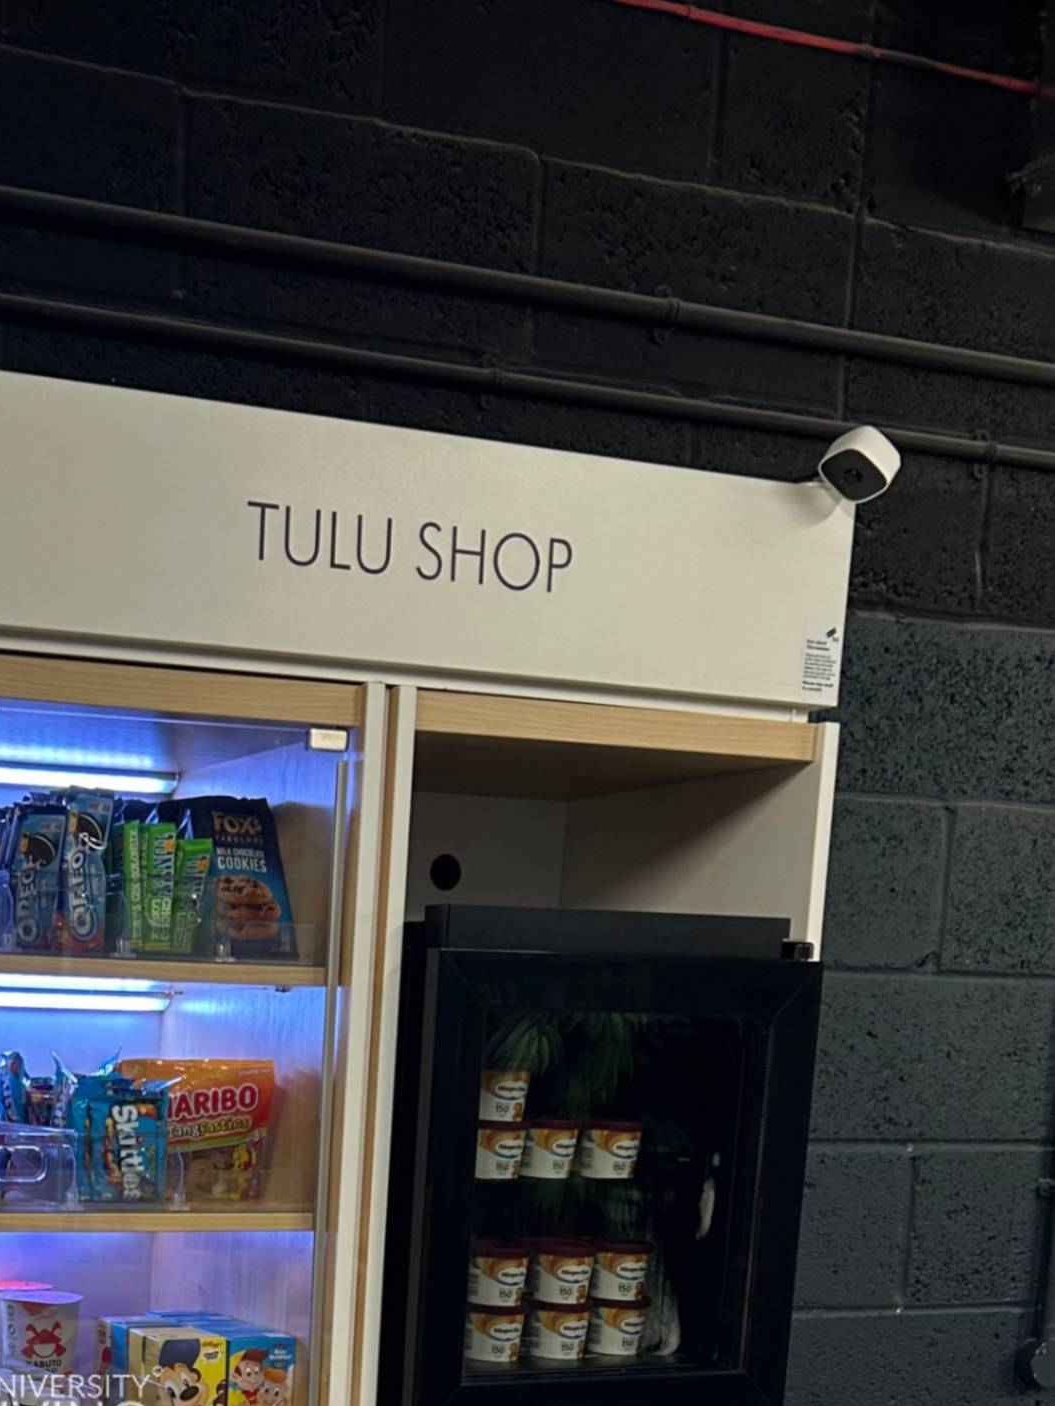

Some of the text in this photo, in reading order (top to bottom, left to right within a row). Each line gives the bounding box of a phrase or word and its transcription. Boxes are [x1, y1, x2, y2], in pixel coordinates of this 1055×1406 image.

[247, 500, 574, 593] TULU SHOP
[69, 850, 94, 939] OREO
[217, 856, 268, 874] COOKIES
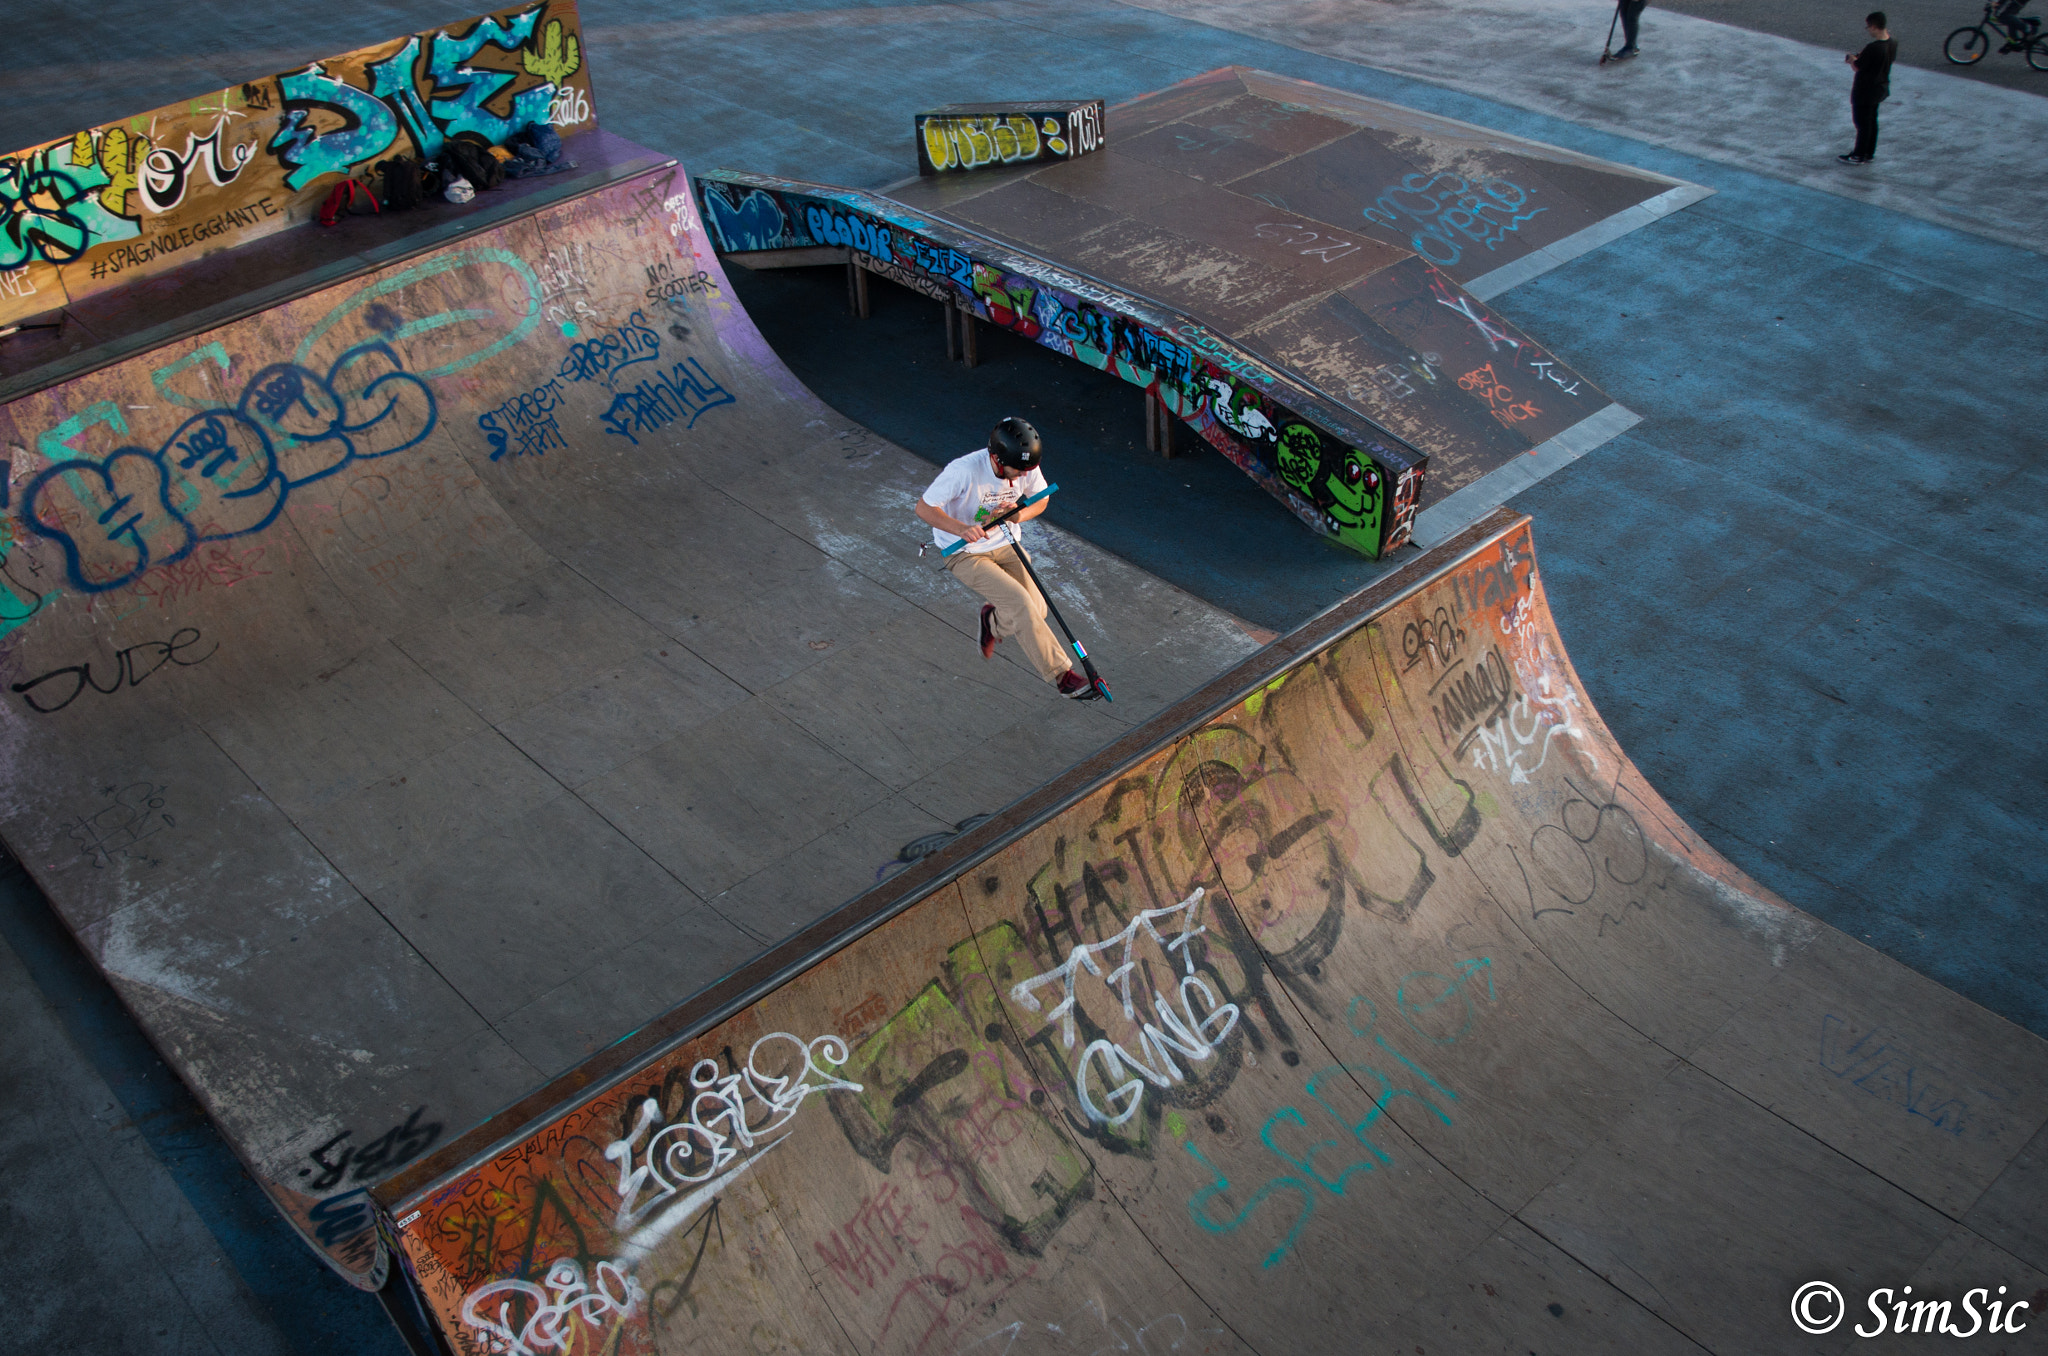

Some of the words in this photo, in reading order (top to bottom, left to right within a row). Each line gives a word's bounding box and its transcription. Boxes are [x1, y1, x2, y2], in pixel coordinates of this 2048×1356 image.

[670, 216, 699, 236] DICK
[674, 206, 688, 221] YO
[647, 253, 675, 286] NO!
[646, 270, 717, 306] SCOOTER
[1457, 361, 1498, 391] OBEY
[1480, 385, 1513, 409] YO
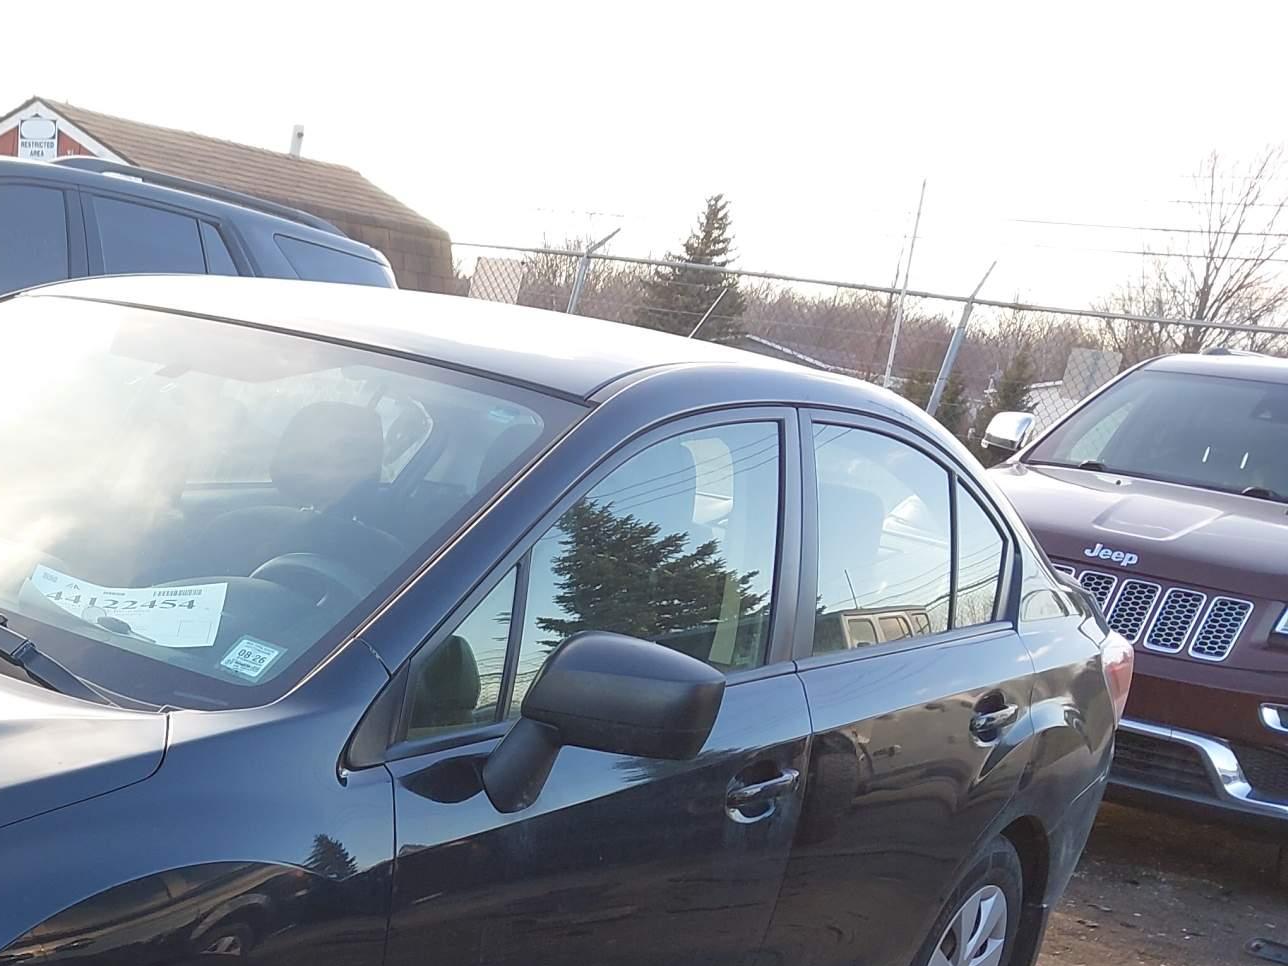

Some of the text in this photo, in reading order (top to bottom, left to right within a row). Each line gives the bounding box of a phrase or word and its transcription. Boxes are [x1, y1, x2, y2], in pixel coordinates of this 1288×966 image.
+++
● What you have to do: Please transcribe each entry exactly, but skip any picture it holds.

● Solution for this exercise:
Some of the text in this photo, in reading order (top to bottom, left to right within a row). Each line gives the bounding box of a phrase or word and its transcription. Boxes are [x1, y1, x2, y2], in pixel coordinates of this 1055×1406 image.

[247, 500, 574, 593] TULU SHOP
[69, 850, 94, 939] OREO
[217, 856, 268, 874] COOKIES

Some of the words in this photo, in reading order (top to bottom, left to right within a row). Each line gives a word's bounding box and its transcription. Boxes are [x1, y1, x2, y2], in pixel coordinates of this 2048×1356 image.

[670, 216, 699, 236] DICK
[674, 206, 688, 221] YO
[647, 253, 675, 286] NO!
[646, 270, 717, 306] SCOOTER
[1457, 361, 1498, 391] OBEY
[1480, 385, 1513, 409] YO

Some of the text in this photo, in reading order (top to bottom, left to right within a row). Each line gives the bounding box of a phrase or word and its transcription. Boxes are [x1, y1, x2, y2], in pixel coordinates of this 1288×966 image.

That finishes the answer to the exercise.